Diese Zeilen eines alten Volksliedes riefen auch eine kleine wanderfrohe Gemeinschaft des NPD-Kreisverbandes Hof/Wunsiedel hinaus in die geliebte Herrlichkeit unserer Heimat. An diesen Tagen kurz bevor der Wonnemond Einzug hält, galt es uns erneut, die einsamen und unverdorbenen Gefilde unseres Vaterlandes auf Schusters Rappen zu erkunden.

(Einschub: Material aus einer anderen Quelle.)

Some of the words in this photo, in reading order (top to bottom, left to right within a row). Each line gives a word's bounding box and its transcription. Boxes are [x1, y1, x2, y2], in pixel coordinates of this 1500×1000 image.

So zogen wir zunächst durch die dunklen Fichtenwälder hinauf zur Hohen Matze. Auf dieser zerklüfteten Höhe begrüßte uns der Frühling in seiner ganzen Pracht: in frischem Grün stehende Bäume, leuchtende Blumen, klarer Himmel, wärmender Sonnenschein und von allen Seiten das frohlockende Vogelgezwitscher. Während die Kinder fröhlich auf den Findlingen umhertobten, ließen auch die Älteren sich nicht lumpen und entrichteten ihren Dank an die Natur. So erklangen schon bald über die Wipfel des Fichtelgebirges hinweg die alten Weisen aus dem Liederschatz unseres Volkes.

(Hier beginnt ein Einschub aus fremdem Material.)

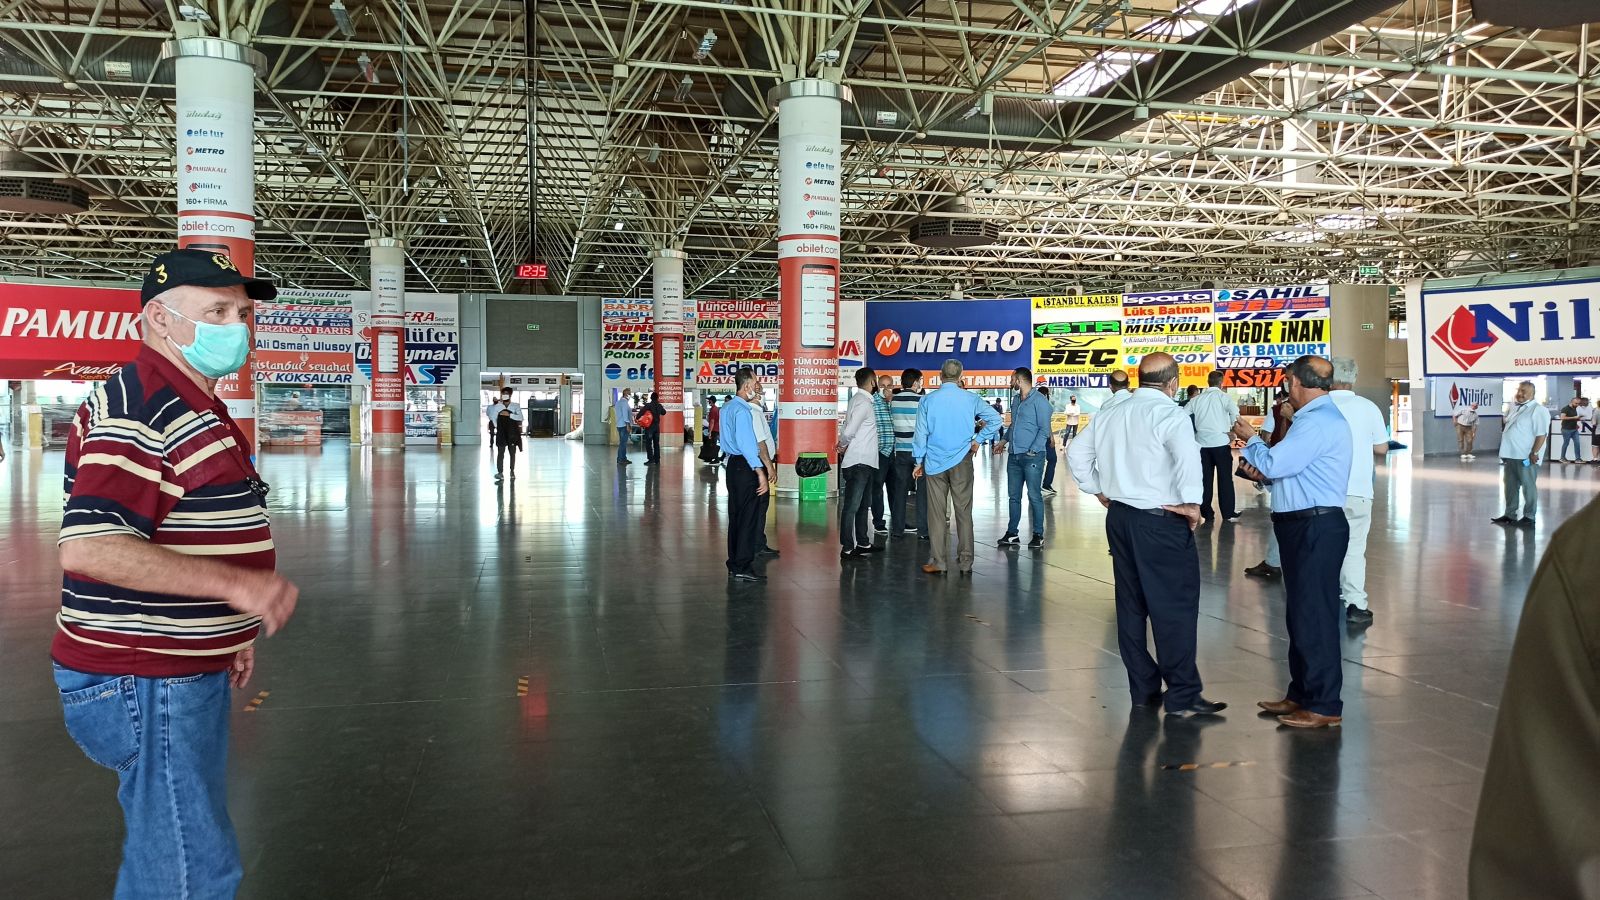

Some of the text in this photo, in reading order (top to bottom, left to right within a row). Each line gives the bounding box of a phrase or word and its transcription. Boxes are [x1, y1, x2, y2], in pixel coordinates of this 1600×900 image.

[182, 221, 235, 232] obilet.com
[156, 264, 168, 284] 3
[520, 266, 546, 276] 12:35
[1124, 306, 1210, 316] Lüks Batman
[1218, 310, 1320, 321] JET
[258, 316, 328, 326] MURAT
[1125, 316, 1198, 324] ardahan
[1468, 298, 1600, 344] Nil
[1047, 321, 1120, 333] STR
[1169, 322, 1212, 332] YOLU
[256, 340, 352, 352] Ali Osman Ulusoy
[700, 340, 762, 350] AKSEL
[907, 330, 1024, 353] METRO
[604, 350, 650, 358] Patnos
[1232, 344, 1327, 356] AS BAYBURT
[794, 356, 811, 366] TÜM
[1038, 349, 1118, 368] SEÇ
[276, 372, 352, 382] KÖKSALLAR
[1048, 374, 1087, 386] MERSİN
[794, 388, 829, 396] GÜVENLE
[1459, 388, 1494, 406] Nilüfer

Frisch gestärkt führte uns der zugewucherte Höhenweg über den Totenkopf und vorbei an dem Höhlenversteck des Schmiedmatzengirgel. Nach wundervollen Stunden der Einsamkeit und der lebensbejahenden Freude unserer Art stießen wir nun zu allem Übel auf einen neu angelegten Nordic-Walking-Pfad der brd-Gesellschaft. Den Tourismuserwartungen der komfortgeschädigten Großstädter entsprechend ging es nun entlang eines planierten Weges. Eine kurze Einkehr in der beschaulichen Lage einer lärmenden Schnellstraße und in Gesellschaft diverser uns seltsam musternder Kraftfahrzeugausflügler trug zum Entschluß bei, sich möglichst schnell wieder von dieser abnormen Realität zu trennen und den Rückweg anzutreten. So wendeten wir unsere Schritte weg von Autolärm und Gaffern und tauchten erneut ein in die nicht systemgeschädigten und nicht degenerierten Pfade fernab von dieser "unserer" verkommenen modernen Gesellschaft.

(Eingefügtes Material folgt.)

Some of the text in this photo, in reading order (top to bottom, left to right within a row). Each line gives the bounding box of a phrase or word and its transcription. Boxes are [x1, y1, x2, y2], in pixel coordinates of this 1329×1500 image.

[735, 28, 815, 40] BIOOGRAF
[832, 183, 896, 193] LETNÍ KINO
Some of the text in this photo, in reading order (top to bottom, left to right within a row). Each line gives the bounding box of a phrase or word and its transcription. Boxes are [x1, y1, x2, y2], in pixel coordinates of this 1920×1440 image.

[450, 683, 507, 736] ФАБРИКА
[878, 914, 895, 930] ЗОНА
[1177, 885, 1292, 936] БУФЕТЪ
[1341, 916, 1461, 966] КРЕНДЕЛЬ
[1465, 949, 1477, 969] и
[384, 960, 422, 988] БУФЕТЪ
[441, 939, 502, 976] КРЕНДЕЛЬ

Was am Ende dieses herrlichen Tages blieb, war ein weiteres Mal die Gewißheit, daß diejenigen, die über die Heimat schwadronieren und sie damit tot diskutieren, sie niemals wirklich erkennen und zu lieben lernen werden. Diese emotionale und tiefgreifende Erfahrung wird ausschließlich immer denjenigen vorbehalten bleiben, die unser Land durchwandern und es bewußt erleben.